The Semantic Web aims to structure the information on the web allowing agents to handle and use it in a more intelligent way. This can be achieved by representing the web content as a semantically structured knowledge in a way that is understandable and process-able by machine. In this context, ontologies provide the key to machine-processable data on the Semantic Web; they have been successfully applied to wide variety domains in order to represent the knowledge, share it and ensure the interoperability between different systems. Nevertheless, a mean limitation of the classical ontologies is that they don’t provide adequate support for handling uncertain knowledge, which characterizes most of the real-world applications. Furthermore, the authors (Fisher et al., 2006; De Runz et al., 2008; Caglioni et al., 2014) mentioned that in ontologies, the uncertainty of information may be attached to two categories of concepts: the category of well-defined concepts which can be handled by the probabilistic approaches (probabilistic knowledge), the second category is about the ill-defined concepts; the uncertainty attached to this class is due to the vagueness or approximation. Thus, fuzzy logic is the appropriate model to deal with vagueness.

During these recent years, considerable attention has been paid for good representing and reasoning with uncertainty in the Semantic Web area. In addition to that, the World Wide Web Consortium (W3C1) created the Uncertainty Reasoning for the World Wide Web Incubator Group (URW3-XG2), and defined a top-level ontology (Laskey et al., 2006) that encodes the classes and properties for handling uncertain knowledge in ontologies. It indicates that uncertainty may have several types such as ambiguity, randomness, vagueness, inconsistency, and incompleteness. Also, it represents the mathematical models that can be used to deal with uncertainty in the Semantic Web including Bayesian networks (BNs), Fuzzy logic, hybrid models, etc.

On one hand, probabilistic ontology web language (PR-OWL) was introduced as a candidate solution that belongs to the probabilistic ontologies approach to represent uncertain knowledge based on probabilistic framework. It is one of the most developed work in this area based on multi entity Bayesian networks (MEBNs) to deal with uncertainty due to incompleteness and randomness in the ontology web language (OWL). This model is useful when the concepts are well- defined, but it is unable to deal with vague concepts that may appear in the ontology.

On the other hand, fuzzy multi-entity Bayesian network (Riali et al., 2017) is an enhanced extension that enables classical Multi Entity Bayesian Networks to deal with vagueness based on fuzzy logic. This model is useful to deal with uncertainty due to incompleteness, randomness and takes into account the vague and imprecise knowledge. In other words, it can be used to handle both the ill-defined and the well-defined concepts.
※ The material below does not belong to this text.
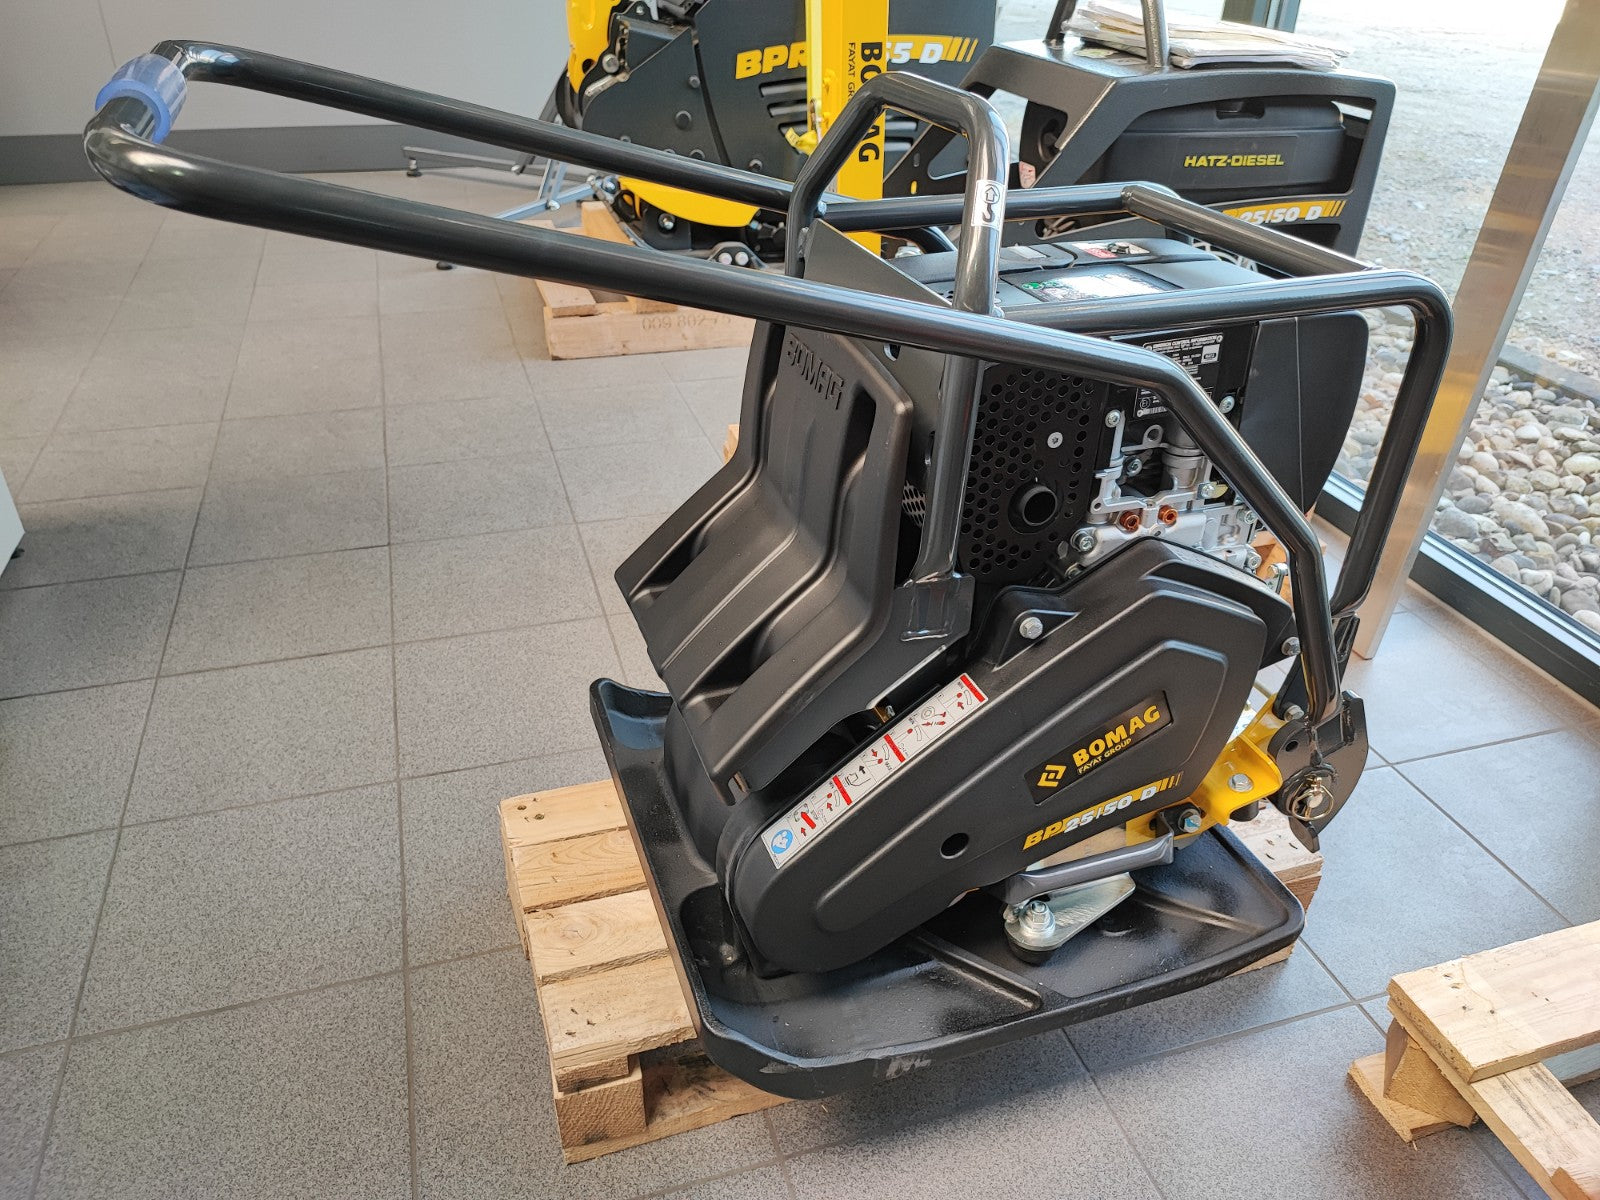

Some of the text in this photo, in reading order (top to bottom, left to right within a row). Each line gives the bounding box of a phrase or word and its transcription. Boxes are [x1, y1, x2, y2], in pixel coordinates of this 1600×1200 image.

Up to our knowledge, there is currently no formal model to handle the uncertainty that is standardized by the W3C. Nonetheless, based on the ontology proposed by W3C, several extensions have been proposed in the literature in order to deal with uncertainty in ontologies. To this end, most of them are based on mathematical foundations notably BNs and their extensions, fuzzy logic and belief functions. On the other hand, the combination of fuzzy logic and BNs have proved their effectiveness in several domains such as fuzzy Bayesian classification (Moura et al., 2015), risk analytics (Zhang et al., 2016; Ren et al., 2009), recommendation systems (Park et al., 2006), etc. Nevertheless, there is no attention paid to use hybrids models to face the uncertainty in the Semantic Web.

Besides, in most of time, these real-world’s problems involve several kinds of uncertainty at the same time, where the ill-defined concepts and the well-defined concepts appear simultaneously and the probability of an event depends on a fuzzy value (Baldwin et al., 1996). For instance, it is probable that a patient X is cardiac if its blood pressure is high. In this example, the blood pressure is a vague variable and the value high refers to a vague knowledge, the term probable refers to a probabilistic knowledge.